TASK DIRECTIONS: Using the entries below, restate word for word only the lines from the one with "this 1280×1280 image." to the final line, leaving the pictures out.

Images for object localization:
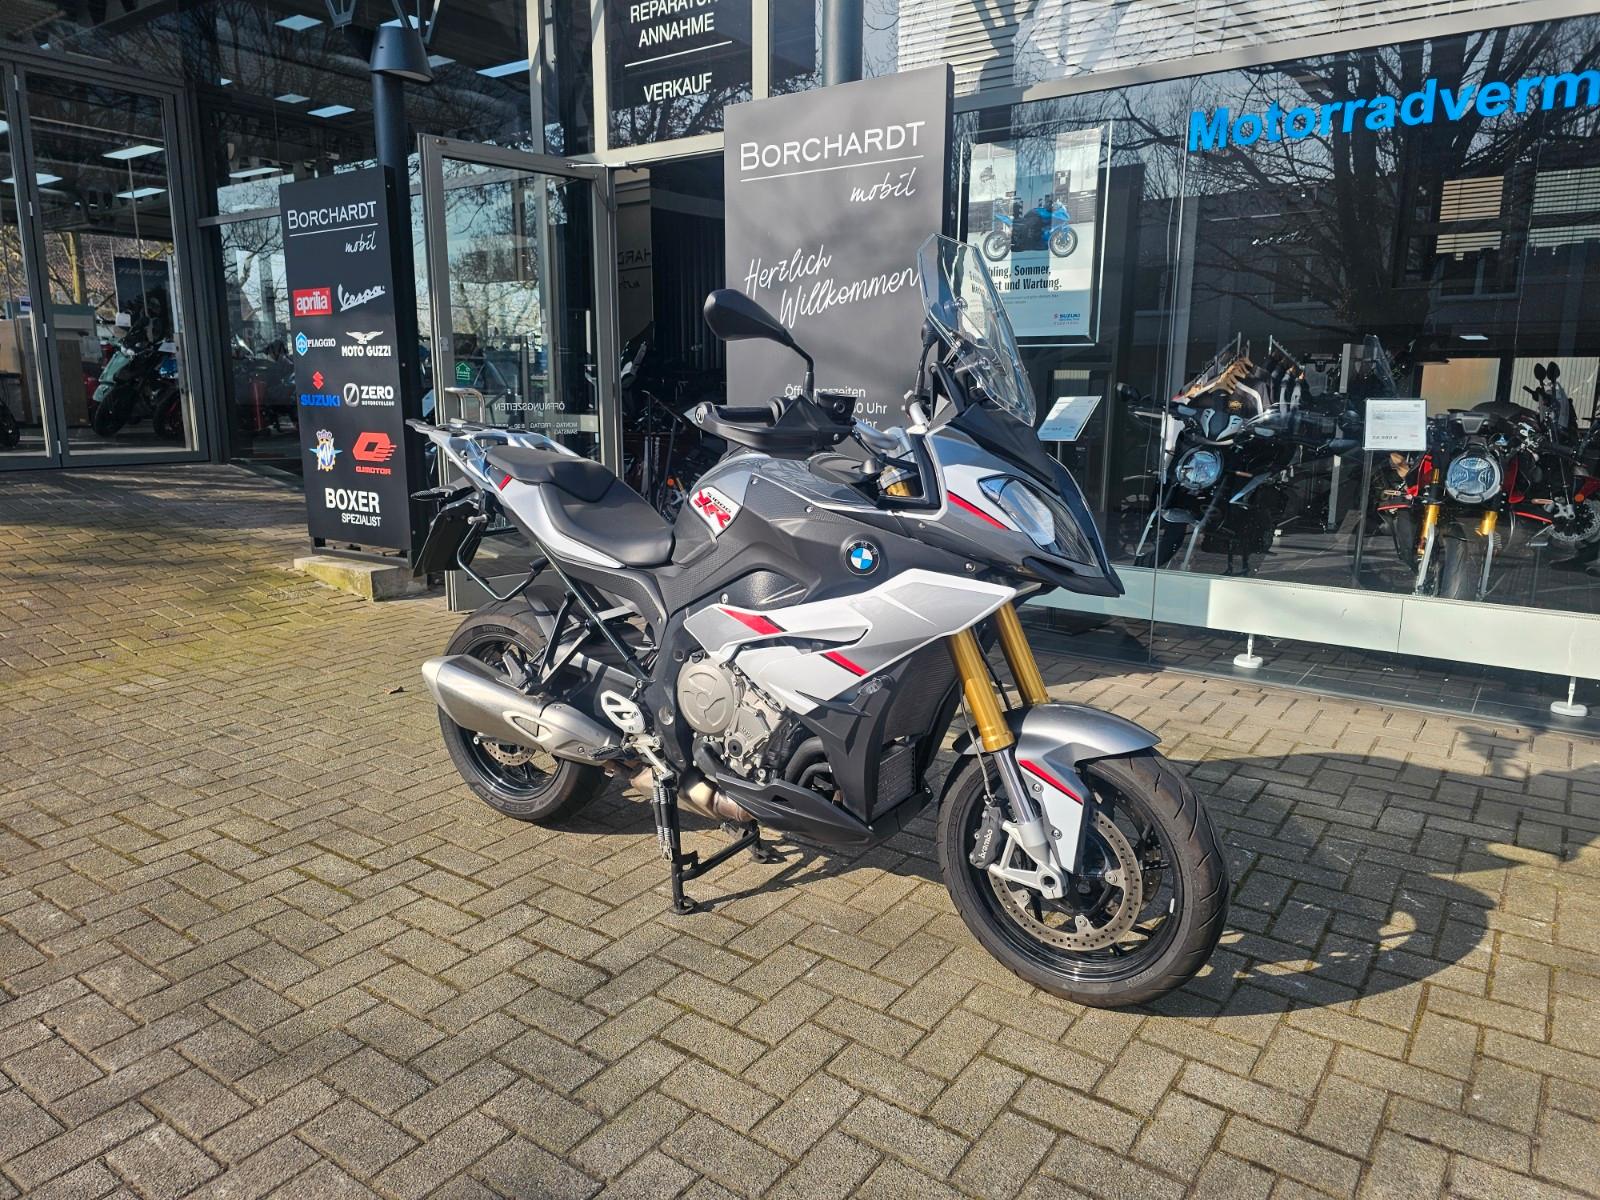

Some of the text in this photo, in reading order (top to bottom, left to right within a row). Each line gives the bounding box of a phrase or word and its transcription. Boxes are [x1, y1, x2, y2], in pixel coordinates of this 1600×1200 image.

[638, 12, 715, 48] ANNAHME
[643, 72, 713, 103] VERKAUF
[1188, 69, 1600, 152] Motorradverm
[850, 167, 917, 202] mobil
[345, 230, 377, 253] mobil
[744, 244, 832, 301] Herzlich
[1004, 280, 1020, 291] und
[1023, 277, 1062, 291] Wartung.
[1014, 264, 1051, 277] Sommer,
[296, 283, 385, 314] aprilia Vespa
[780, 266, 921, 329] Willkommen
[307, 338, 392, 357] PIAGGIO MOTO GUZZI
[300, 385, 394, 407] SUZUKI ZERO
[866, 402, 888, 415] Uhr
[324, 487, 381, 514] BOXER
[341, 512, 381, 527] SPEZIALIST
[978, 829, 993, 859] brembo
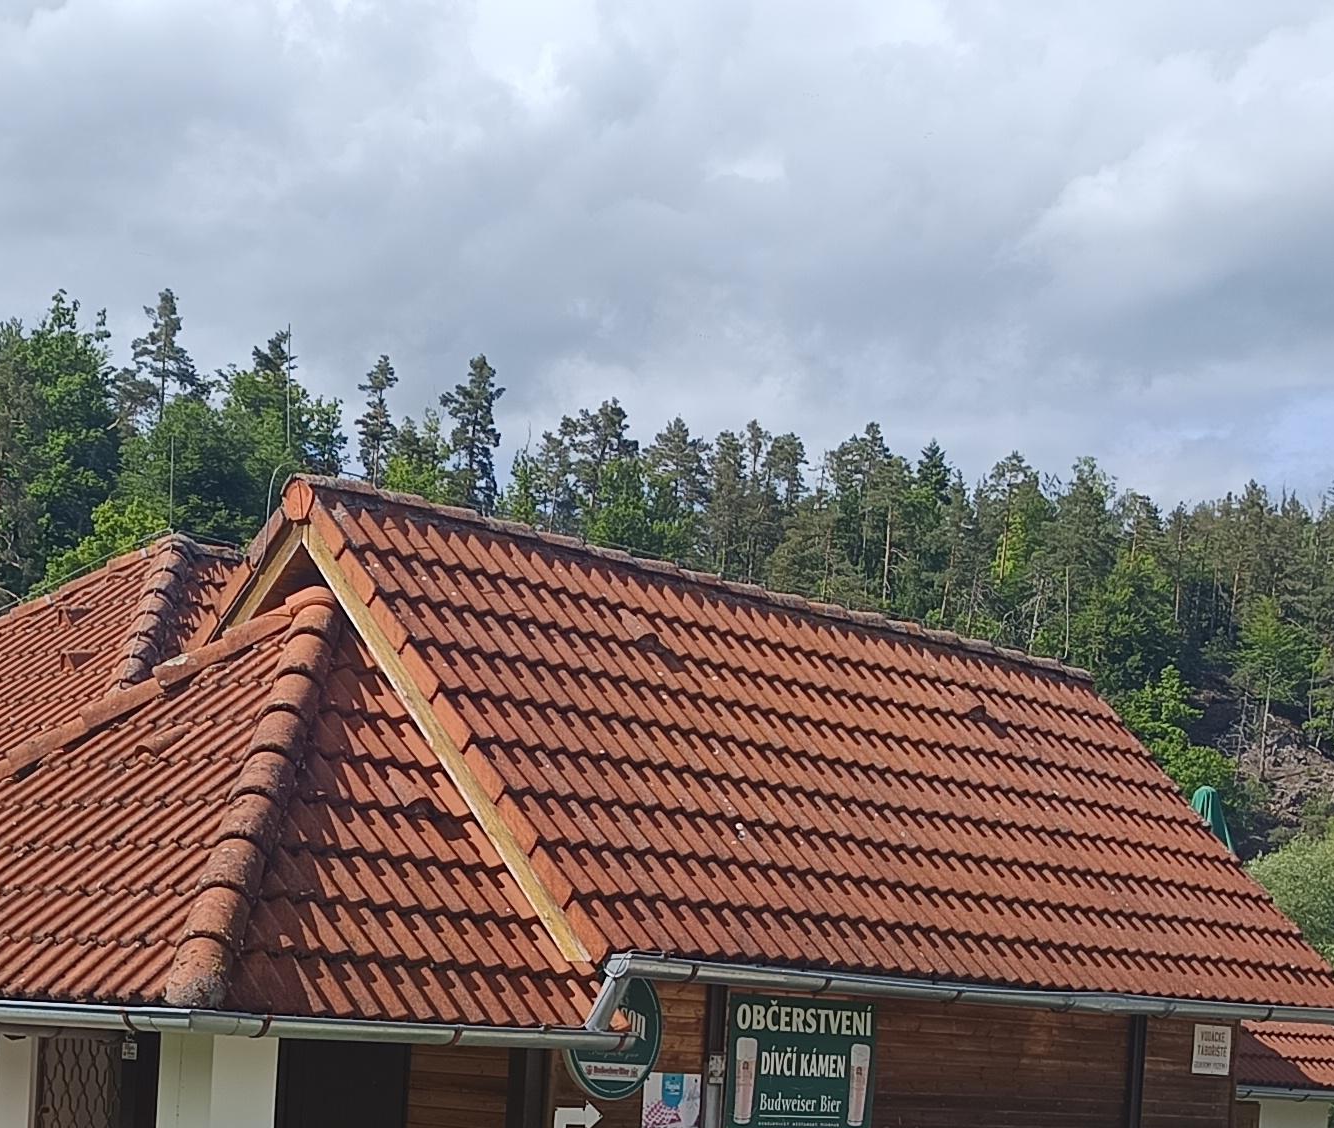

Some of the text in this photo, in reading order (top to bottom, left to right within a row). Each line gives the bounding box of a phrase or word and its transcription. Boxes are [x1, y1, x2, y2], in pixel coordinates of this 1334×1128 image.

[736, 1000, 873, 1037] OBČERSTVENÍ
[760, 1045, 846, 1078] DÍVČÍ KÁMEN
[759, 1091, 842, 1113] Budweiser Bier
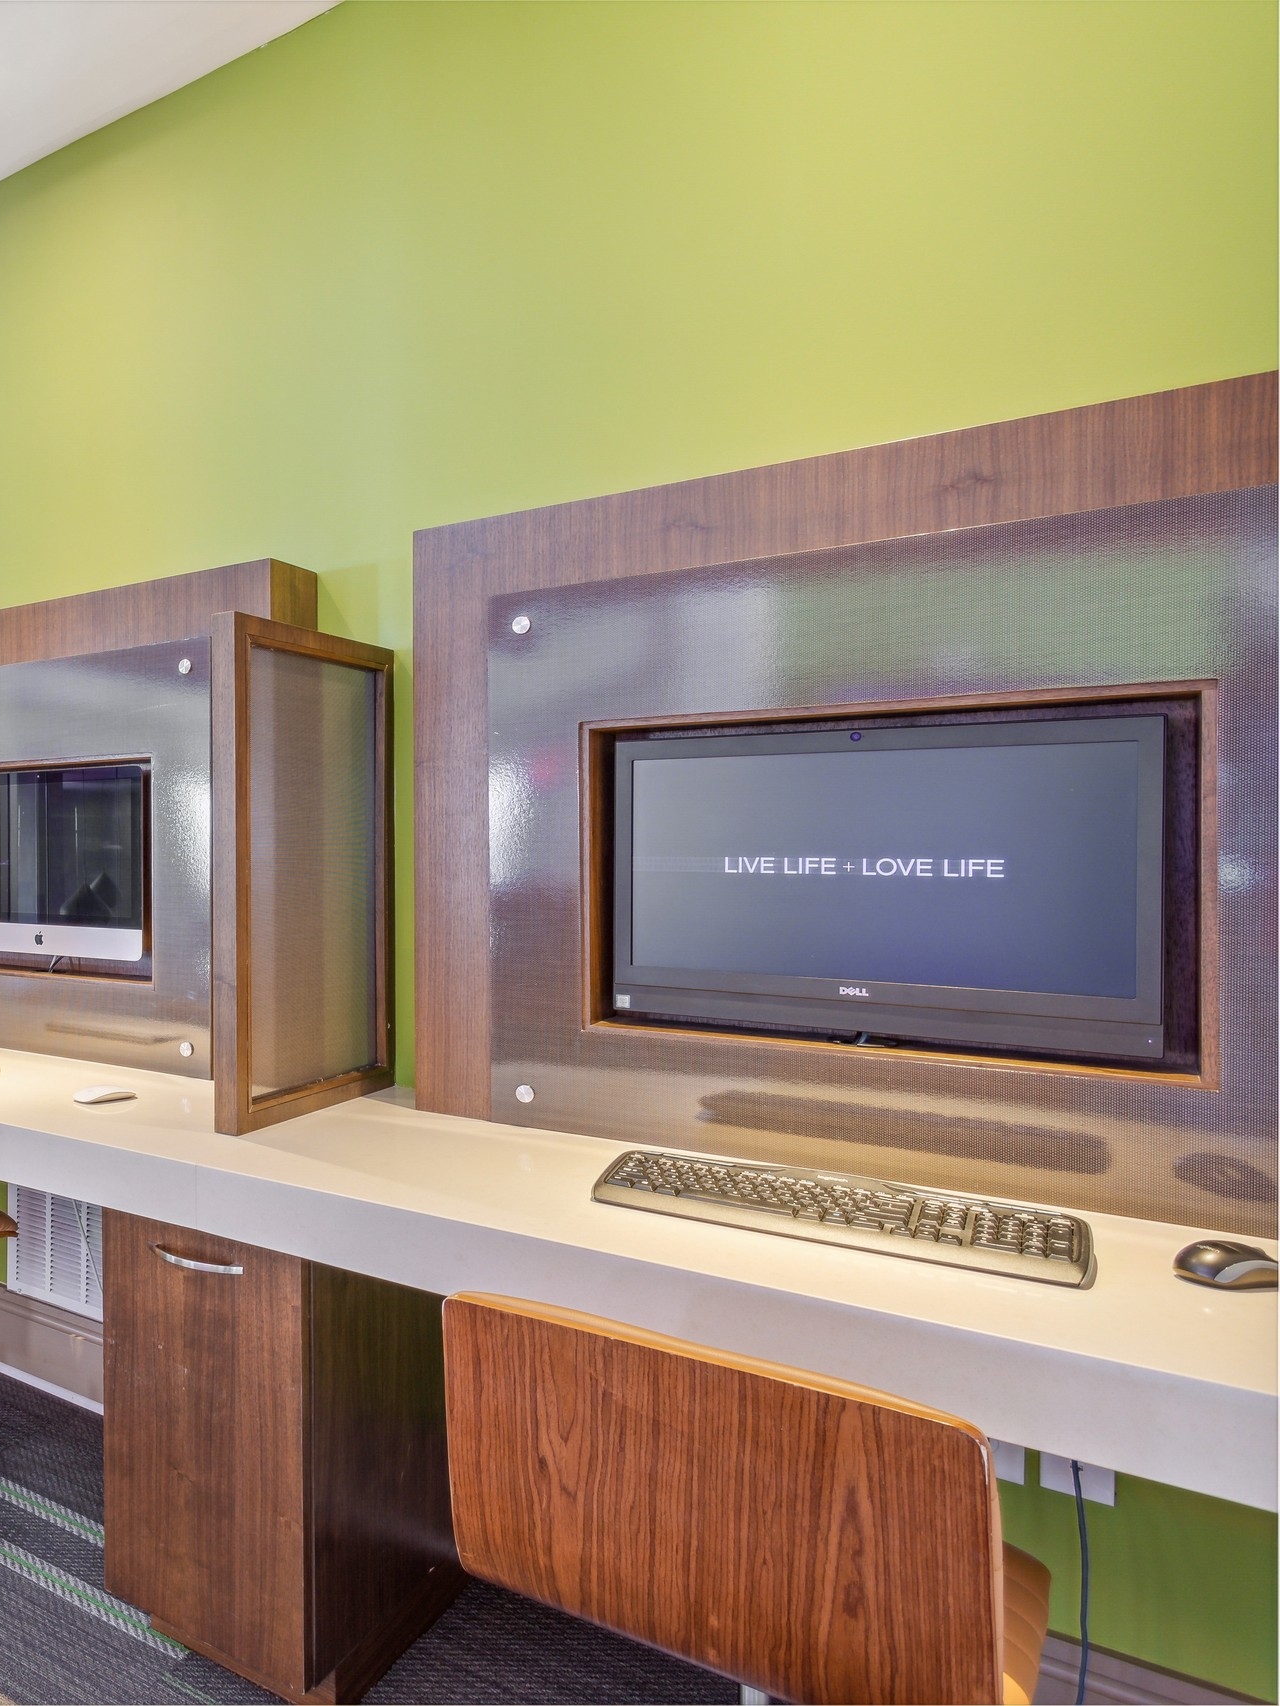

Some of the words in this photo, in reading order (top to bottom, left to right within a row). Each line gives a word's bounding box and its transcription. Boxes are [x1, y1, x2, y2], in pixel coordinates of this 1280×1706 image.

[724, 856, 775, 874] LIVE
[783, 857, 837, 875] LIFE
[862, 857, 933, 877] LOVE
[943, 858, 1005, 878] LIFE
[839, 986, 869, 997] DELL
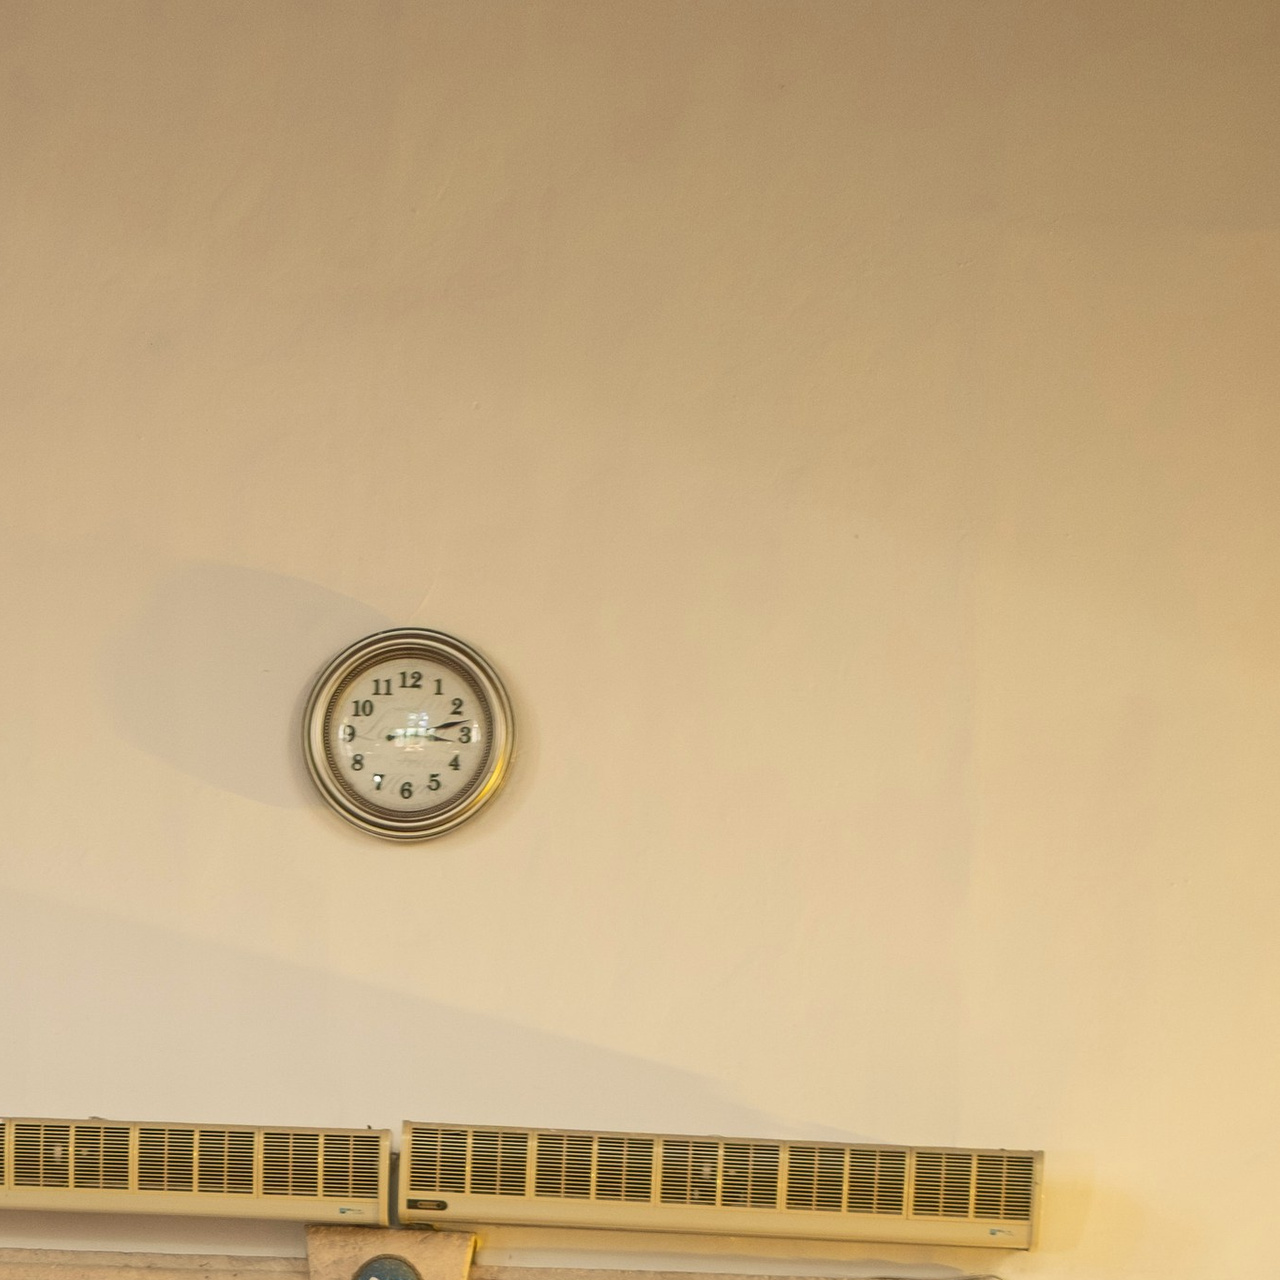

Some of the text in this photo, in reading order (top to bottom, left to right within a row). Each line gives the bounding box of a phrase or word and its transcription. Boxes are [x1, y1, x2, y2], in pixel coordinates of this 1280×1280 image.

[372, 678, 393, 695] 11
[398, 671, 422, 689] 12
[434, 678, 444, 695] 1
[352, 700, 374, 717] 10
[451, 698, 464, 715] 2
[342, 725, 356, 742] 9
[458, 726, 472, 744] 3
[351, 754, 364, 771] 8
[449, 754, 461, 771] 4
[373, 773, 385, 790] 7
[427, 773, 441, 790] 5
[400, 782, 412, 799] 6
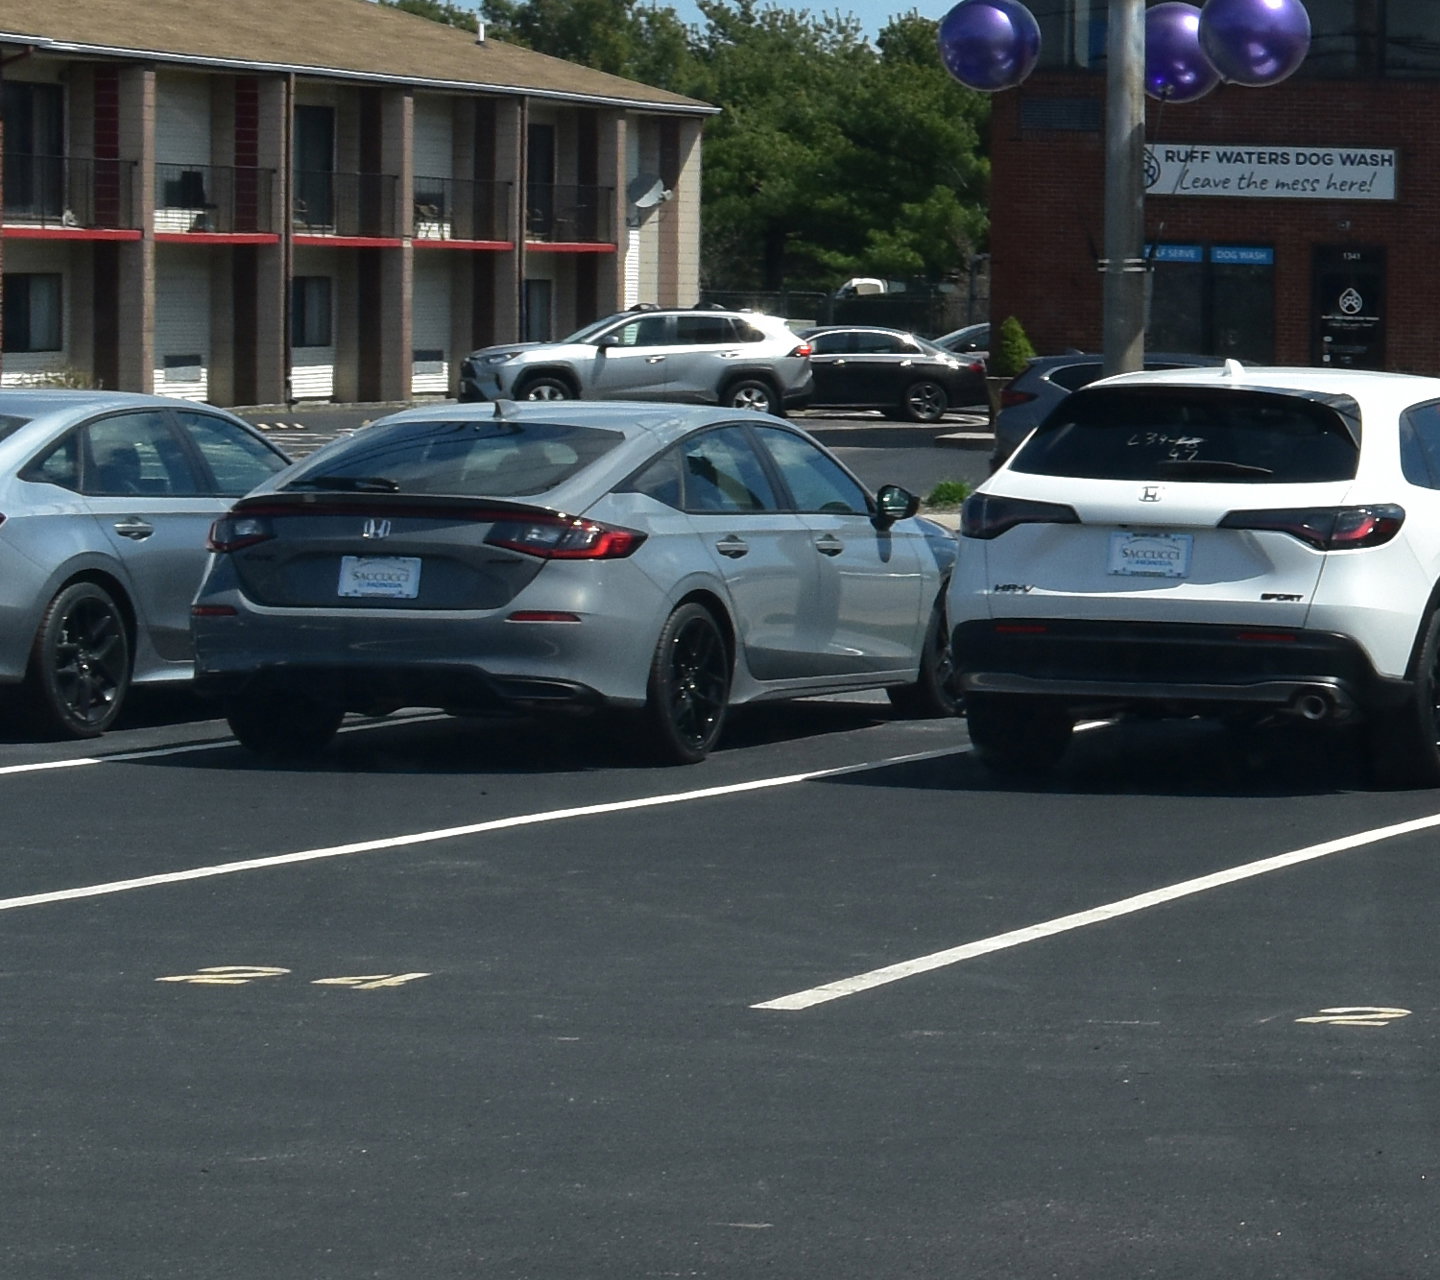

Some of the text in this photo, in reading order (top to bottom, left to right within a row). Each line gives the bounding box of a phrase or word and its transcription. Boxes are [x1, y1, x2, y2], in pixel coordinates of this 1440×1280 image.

RESULT OF THE EXERCISE:
Some of the text in this photo, in reading order (top to bottom, left to right within a row). Each line gives the bounding box of a phrase or word and its transcription. Boxes are [x1, y1, x2, y2], in pixel coordinates of this 1280×1280 image.

[372, 678, 393, 695] 11
[398, 671, 422, 689] 12
[434, 678, 444, 695] 1
[352, 700, 374, 717] 10
[451, 698, 464, 715] 2
[342, 725, 356, 742] 9
[458, 726, 472, 744] 3
[351, 754, 364, 771] 8
[449, 754, 461, 771] 4
[373, 773, 385, 790] 7
[427, 773, 441, 790] 5
[400, 782, 412, 799] 6

Some of the text in this photo, in reading order (top to bottom, left to right within a row). Each line gives the bounding box of a phrase or word and its transcription. Boxes are [x1, y1, x2, y2], in pixel coordinates of this 1440×1280 image.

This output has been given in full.